WHAT NEEDS TO BE DONE: Exact wording is required: transcribe all the entries and leave the images out.

----------

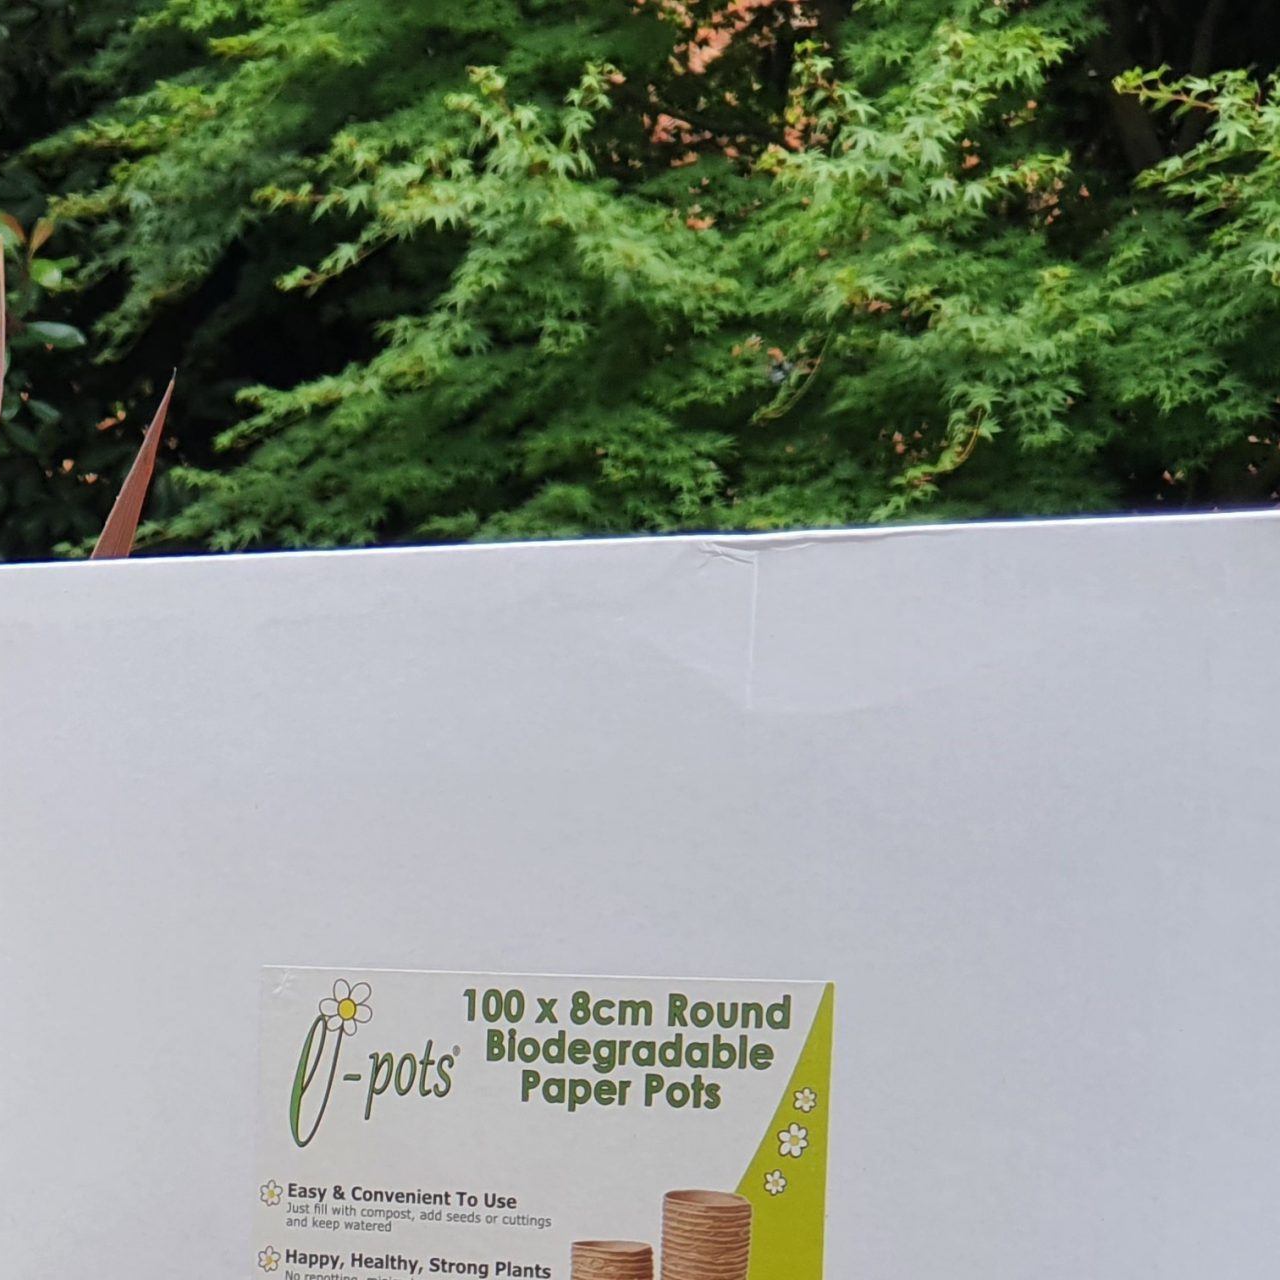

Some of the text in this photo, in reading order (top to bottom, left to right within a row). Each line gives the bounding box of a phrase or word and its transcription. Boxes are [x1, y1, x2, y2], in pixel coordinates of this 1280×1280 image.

[462, 988, 791, 1030] 100 x 8cm Round
[486, 1028, 774, 1076] Biodegradable
[521, 1069, 721, 1112] Paper Pots
[287, 1182, 517, 1209] Easy & Convenient To Use
[285, 1203, 552, 1228] Just fill with compost, add seeds or cuttings
[285, 1216, 392, 1232] and keep watered
[285, 1248, 551, 1279] Happy, Healthy, Strong Plants
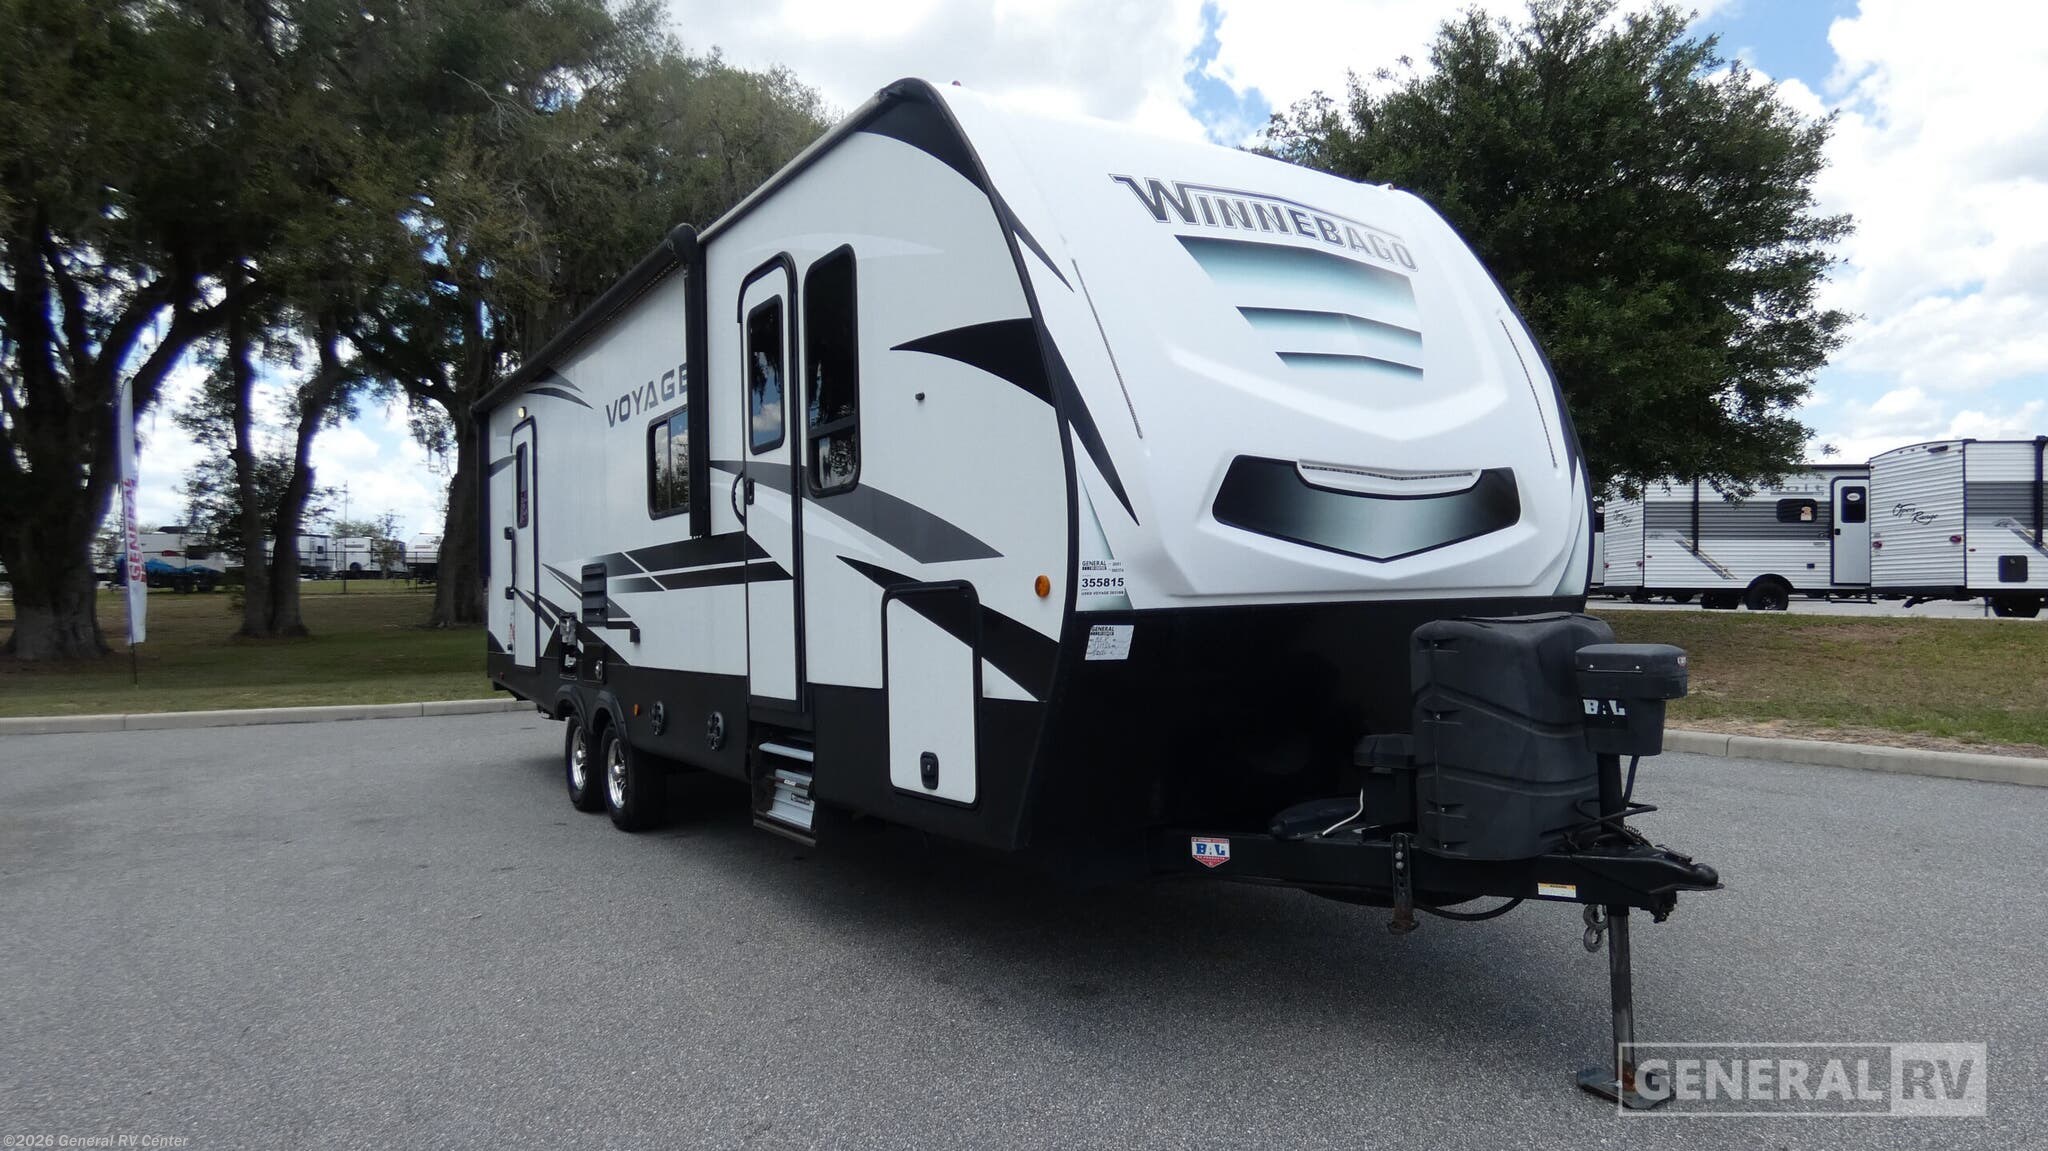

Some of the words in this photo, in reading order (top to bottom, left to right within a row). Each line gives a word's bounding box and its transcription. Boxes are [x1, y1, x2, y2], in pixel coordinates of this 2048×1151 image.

[1108, 173, 1418, 272] WINNEBAGO
[605, 361, 687, 428] VOYAGE
[1892, 503, 1916, 517] Open
[1912, 511, 1938, 525] Range
[1082, 577, 1124, 588] 355815

----------

FINAL ANSWER:
Some of the text in this photo, in reading order (top to bottom, left to right within a row). Each line gives the bounding box of a phrase or word and its transcription. Boxes are [x1, y1, x2, y2], in pixel coordinates of this 1280×1280 image.

[462, 988, 791, 1030] 100 x 8cm Round
[486, 1028, 774, 1076] Biodegradable
[521, 1069, 721, 1112] Paper Pots
[287, 1182, 517, 1209] Easy & Convenient To Use
[285, 1203, 552, 1228] Just fill with compost, add seeds or cuttings
[285, 1216, 392, 1232] and keep watered
[285, 1248, 551, 1279] Happy, Healthy, Strong Plants

Some of the words in this photo, in reading order (top to bottom, left to right within a row). Each line gives a word's bounding box and its transcription. Boxes are [x1, y1, x2, y2], in pixel coordinates of this 2048×1151 image.

[1108, 173, 1418, 272] WINNEBAGO
[605, 361, 687, 428] VOYAGE
[1892, 503, 1916, 517] Open
[1912, 511, 1938, 525] Range
[1082, 577, 1124, 588] 355815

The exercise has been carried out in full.